WHAT THE TASK ASKS> Keep every word of the entries and print them exactly; the pictures stay out.

RECORDS FOR THE TASK>
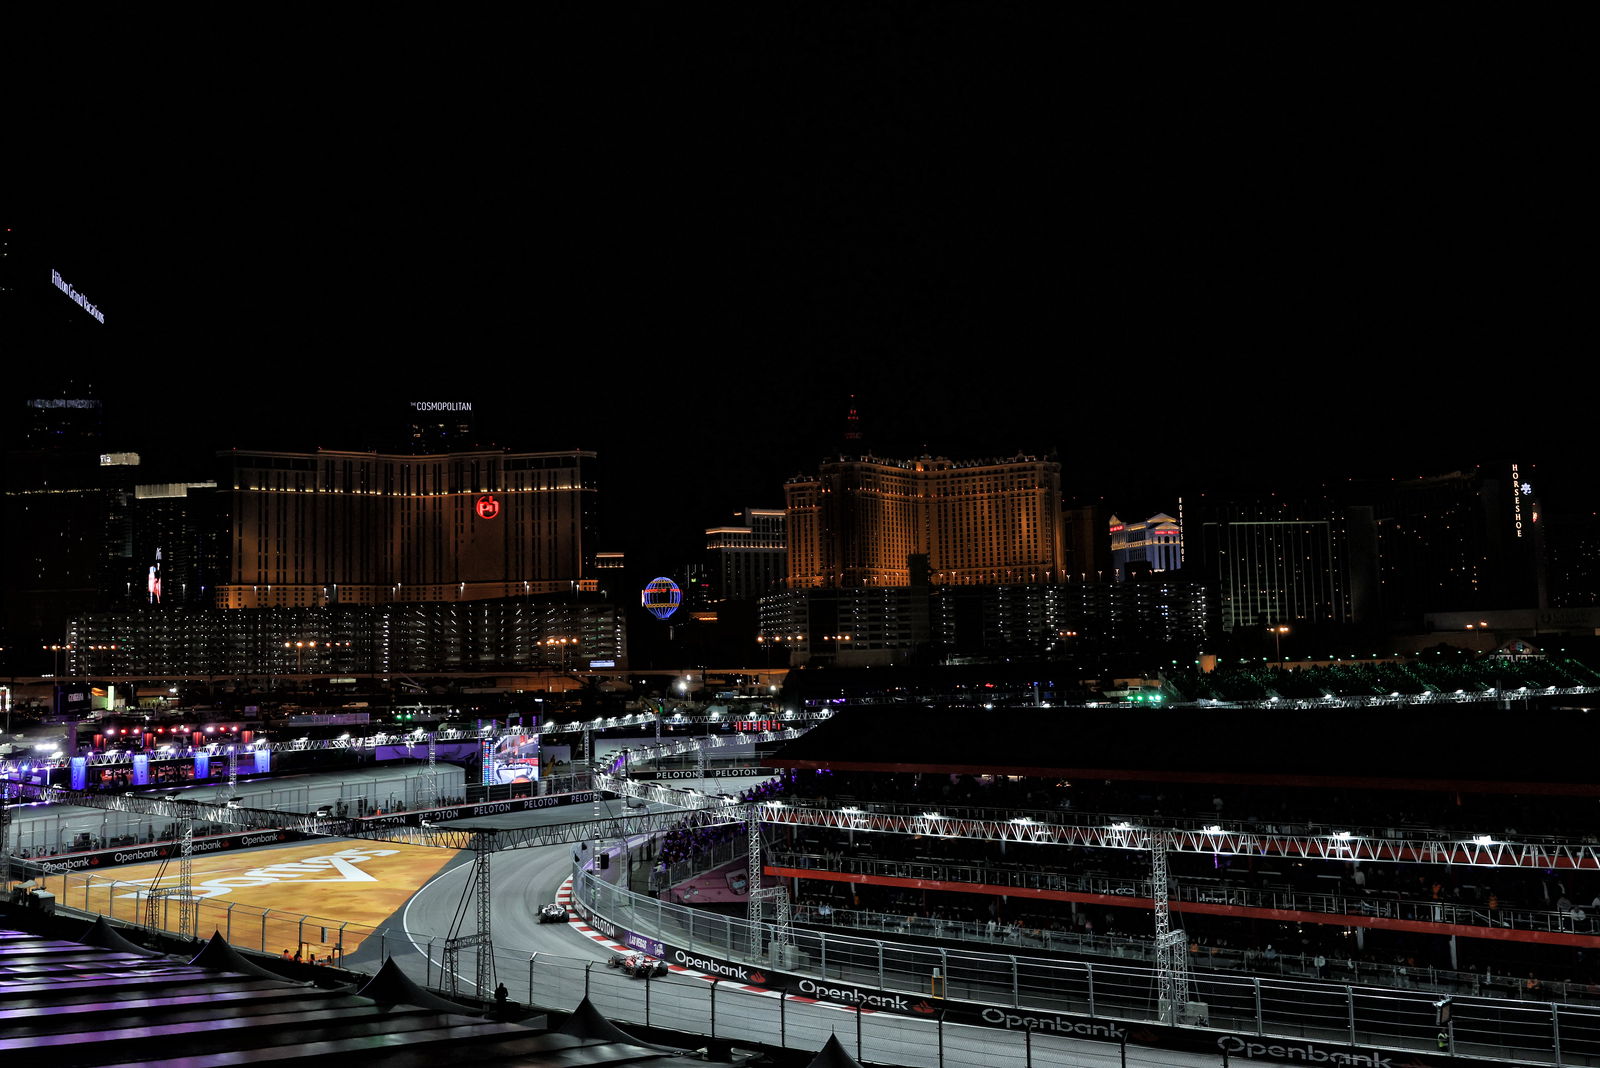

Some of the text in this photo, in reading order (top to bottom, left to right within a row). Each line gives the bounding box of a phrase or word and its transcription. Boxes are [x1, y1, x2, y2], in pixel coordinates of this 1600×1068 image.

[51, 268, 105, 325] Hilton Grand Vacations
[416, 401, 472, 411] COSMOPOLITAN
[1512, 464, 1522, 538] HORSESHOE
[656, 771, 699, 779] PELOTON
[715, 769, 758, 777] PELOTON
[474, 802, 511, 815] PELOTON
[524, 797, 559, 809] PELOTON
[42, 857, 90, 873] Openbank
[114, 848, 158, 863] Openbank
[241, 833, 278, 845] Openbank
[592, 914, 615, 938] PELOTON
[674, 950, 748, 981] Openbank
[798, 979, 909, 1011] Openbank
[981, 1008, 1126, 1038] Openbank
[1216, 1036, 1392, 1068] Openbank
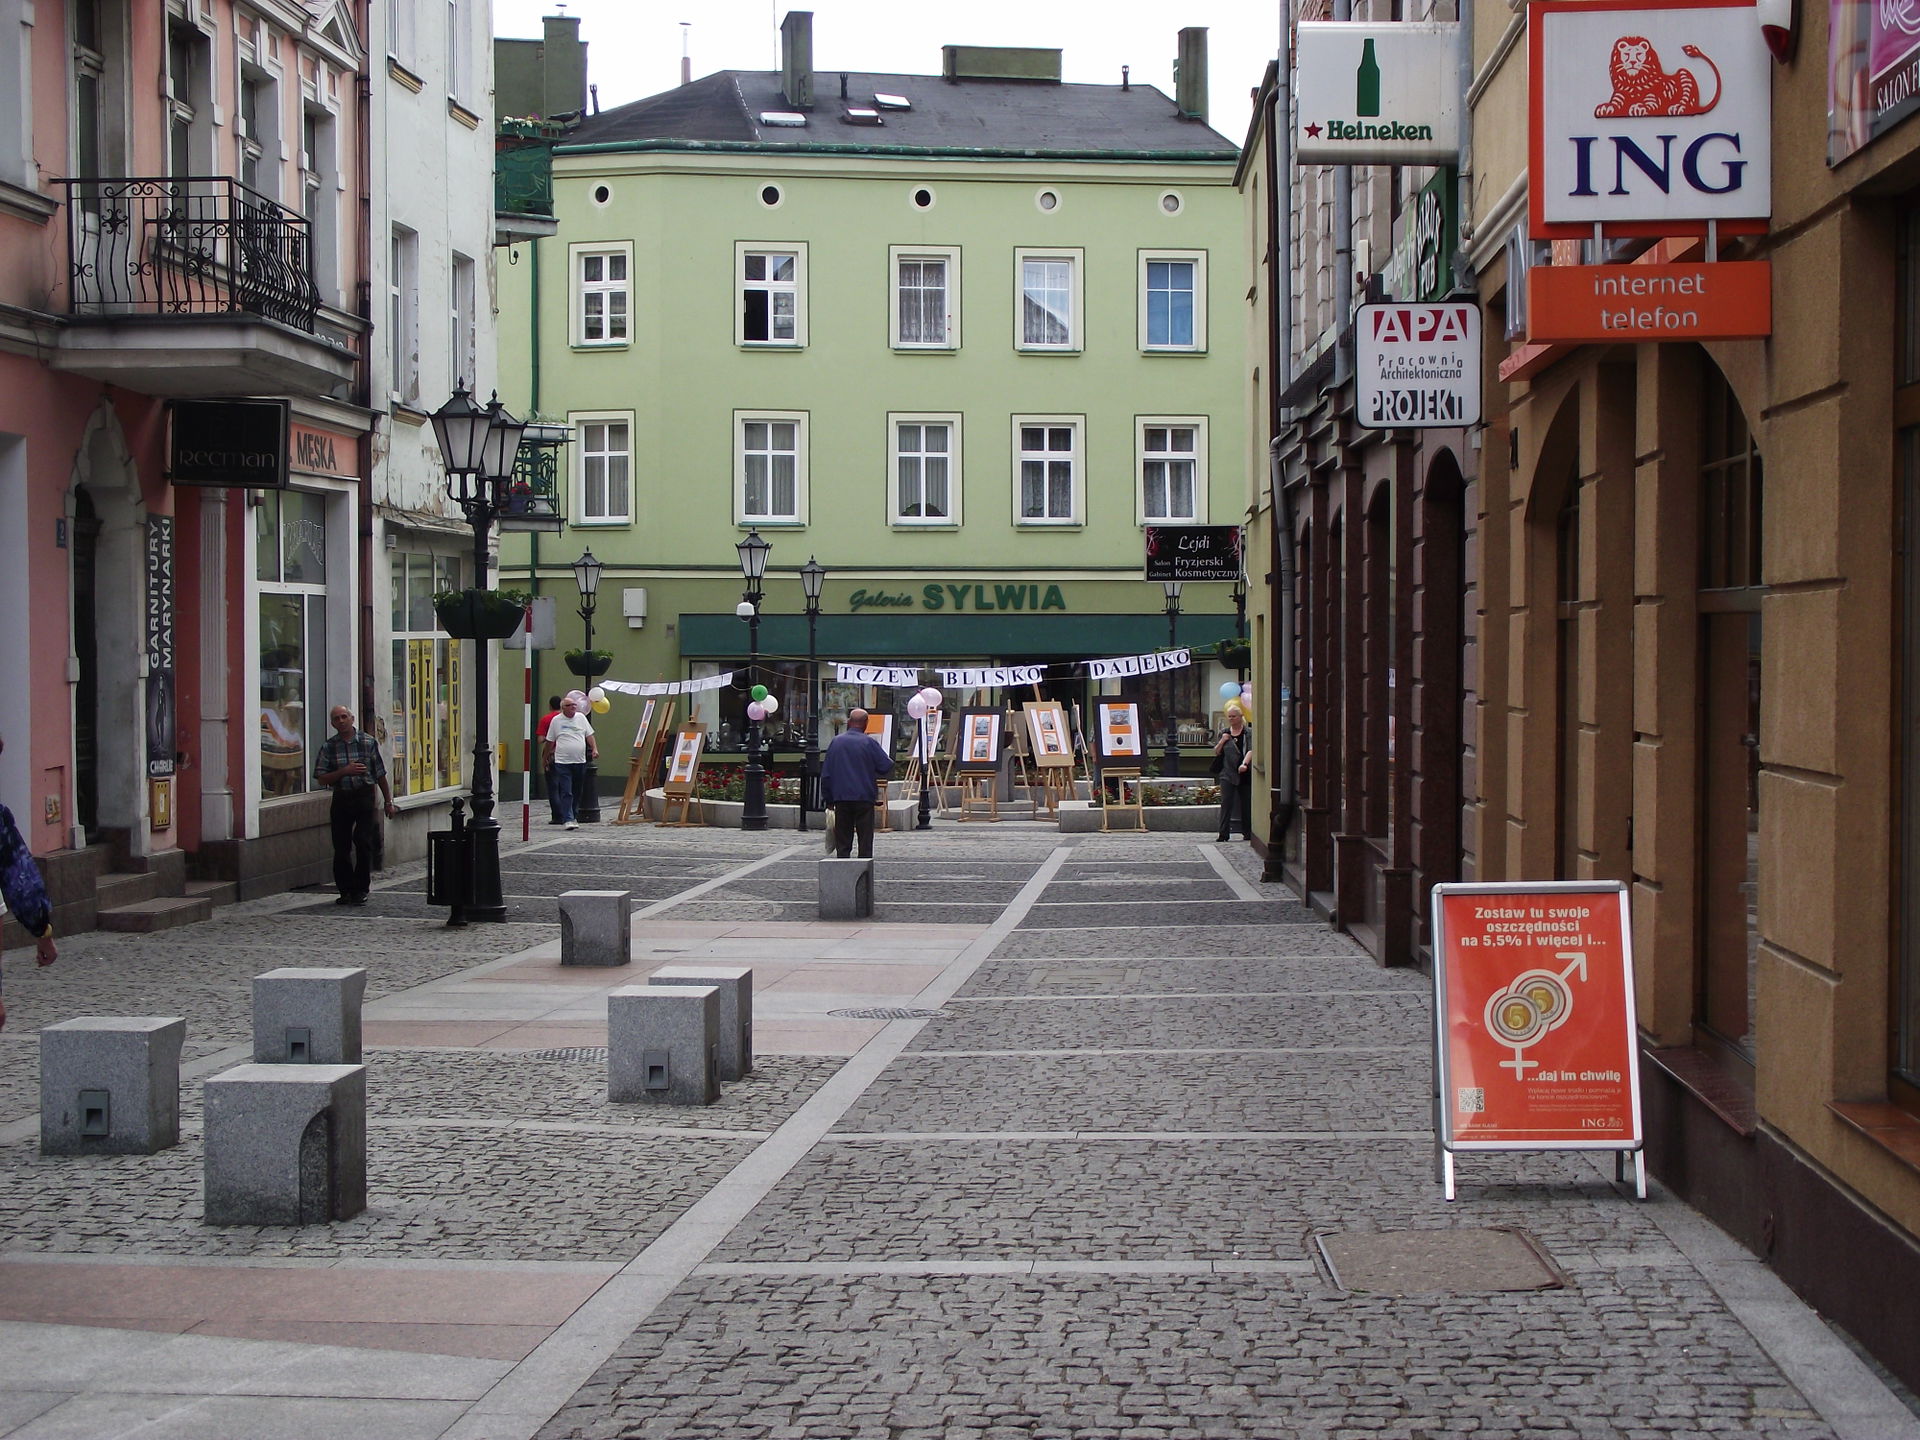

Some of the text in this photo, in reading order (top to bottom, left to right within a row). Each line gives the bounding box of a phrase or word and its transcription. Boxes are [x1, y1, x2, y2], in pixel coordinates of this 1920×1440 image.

TASK ANSWER>
Some of the text in this photo, in reading order (top to bottom, left to right within a row). Each line gives the bounding box of a phrase or word and its transcription. Boxes are [x1, y1, x2, y2], in pixel coordinates of this 1600×1068 image.

[51, 268, 105, 325] Hilton Grand Vacations
[416, 401, 472, 411] COSMOPOLITAN
[1512, 464, 1522, 538] HORSESHOE
[656, 771, 699, 779] PELOTON
[715, 769, 758, 777] PELOTON
[474, 802, 511, 815] PELOTON
[524, 797, 559, 809] PELOTON
[42, 857, 90, 873] Openbank
[114, 848, 158, 863] Openbank
[241, 833, 278, 845] Openbank
[592, 914, 615, 938] PELOTON
[674, 950, 748, 981] Openbank
[798, 979, 909, 1011] Openbank
[981, 1008, 1126, 1038] Openbank
[1216, 1036, 1392, 1068] Openbank

Some of the text in this photo, in reading order (top to bottom, left to right within a row). Each line gives the bounding box of a phrase or word and its transcription. Boxes are [x1, y1, x2, y2], in pixel coordinates of this 1920×1440 image.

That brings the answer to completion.